• _EXERCISE REQUIREMENTS_: What's wanted is a faithful retyping of every entry, pictures excluded.

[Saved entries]
-*-

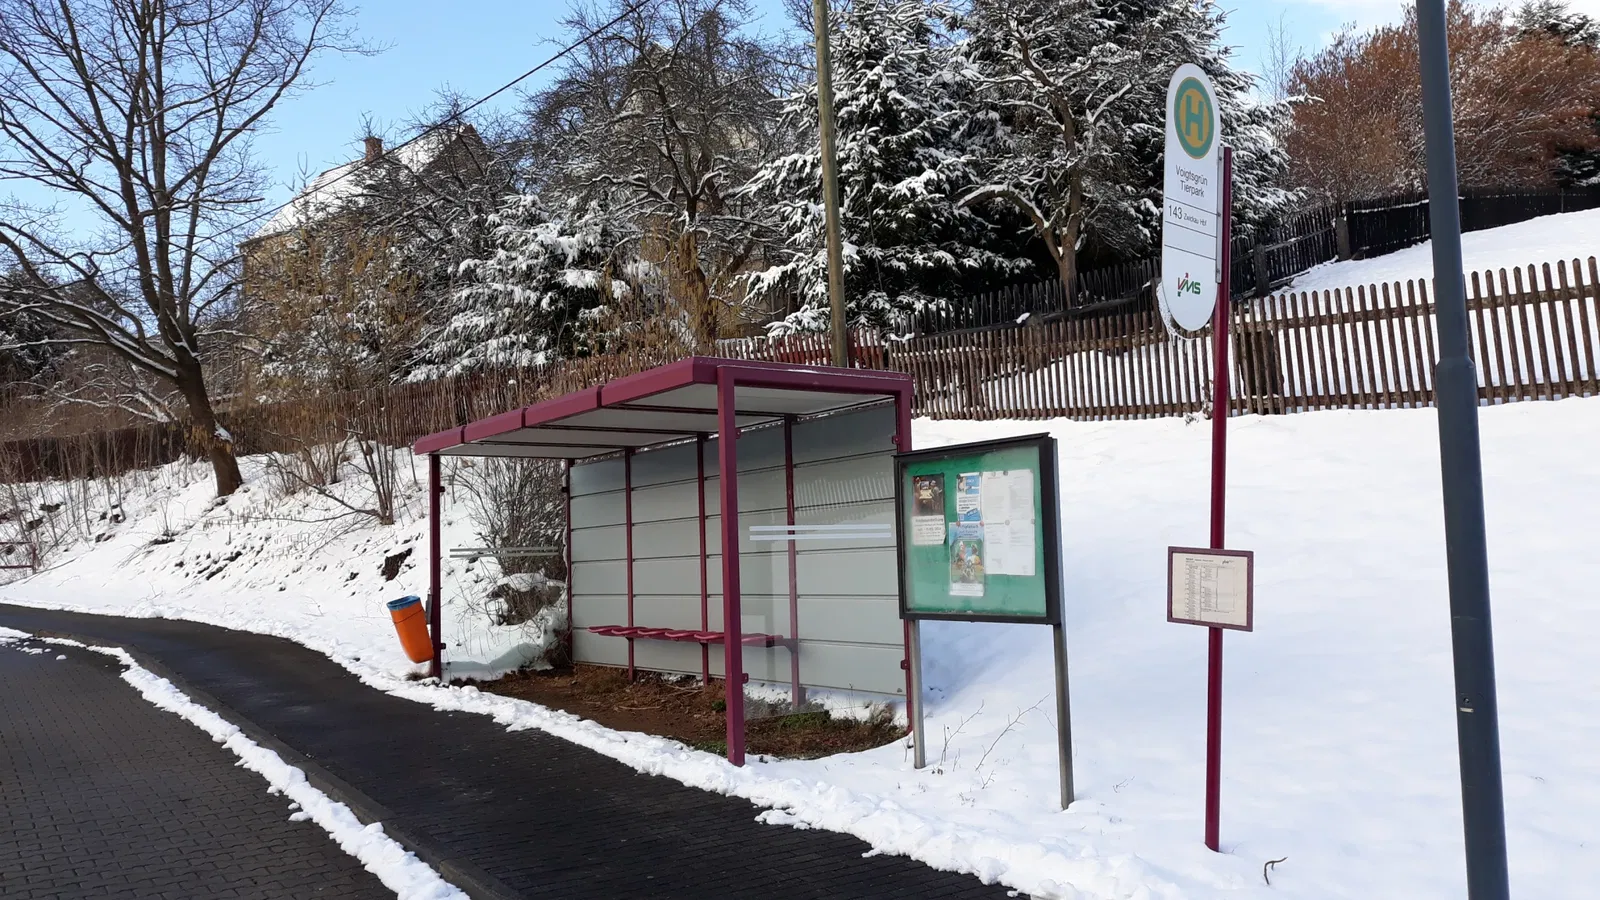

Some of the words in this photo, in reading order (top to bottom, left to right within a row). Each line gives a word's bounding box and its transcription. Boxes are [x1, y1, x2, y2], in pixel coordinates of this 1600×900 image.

[1185, 94, 1204, 142] H
[1175, 164, 1208, 186] Voigtsgrün
[1180, 179, 1205, 198] Tierpark
[1168, 204, 1183, 220] 143
[1177, 275, 1201, 296] VMS
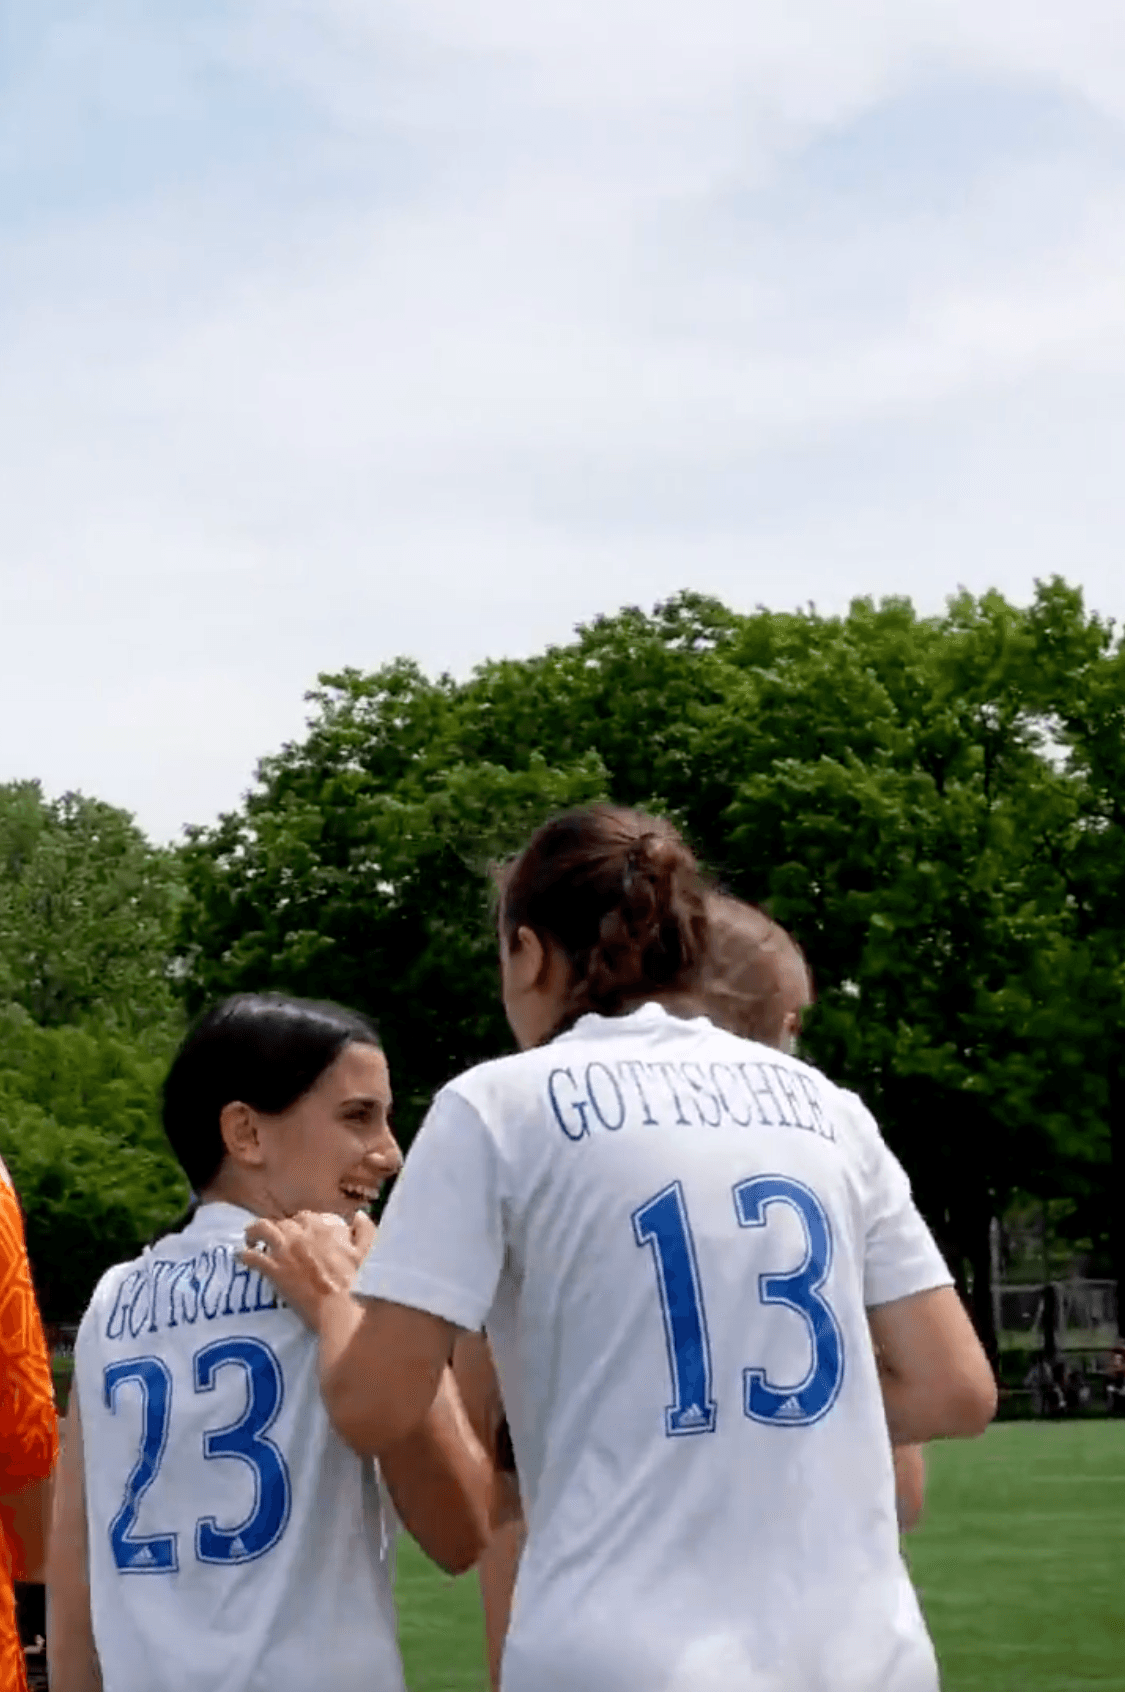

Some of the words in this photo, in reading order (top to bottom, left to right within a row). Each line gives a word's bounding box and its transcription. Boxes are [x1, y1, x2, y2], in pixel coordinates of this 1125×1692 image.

[548, 1060, 836, 1142] GOTTSCHEE
[105, 1244, 289, 1340] GOTTSCHE
[631, 1173, 845, 1437] 13
[103, 1336, 292, 1574] 23

-*-

• _WRITTEN SOLUTION_:
Some of the words in this photo, in reading order (top to bottom, left to right within a row). Each line gives a word's bounding box and its transcription. Boxes are [x1, y1, x2, y2], in pixel coordinates of this 1600×900 image.

[1185, 94, 1204, 142] H
[1175, 164, 1208, 186] Voigtsgrün
[1180, 179, 1205, 198] Tierpark
[1168, 204, 1183, 220] 143
[1177, 275, 1201, 296] VMS

Some of the words in this photo, in reading order (top to bottom, left to right within a row). Each line gives a word's bounding box and its transcription. Boxes are [x1, y1, x2, y2], in pixel coordinates of this 1125×1692 image.

[548, 1060, 836, 1142] GOTTSCHEE
[105, 1244, 289, 1340] GOTTSCHE
[631, 1173, 845, 1437] 13
[103, 1336, 292, 1574] 23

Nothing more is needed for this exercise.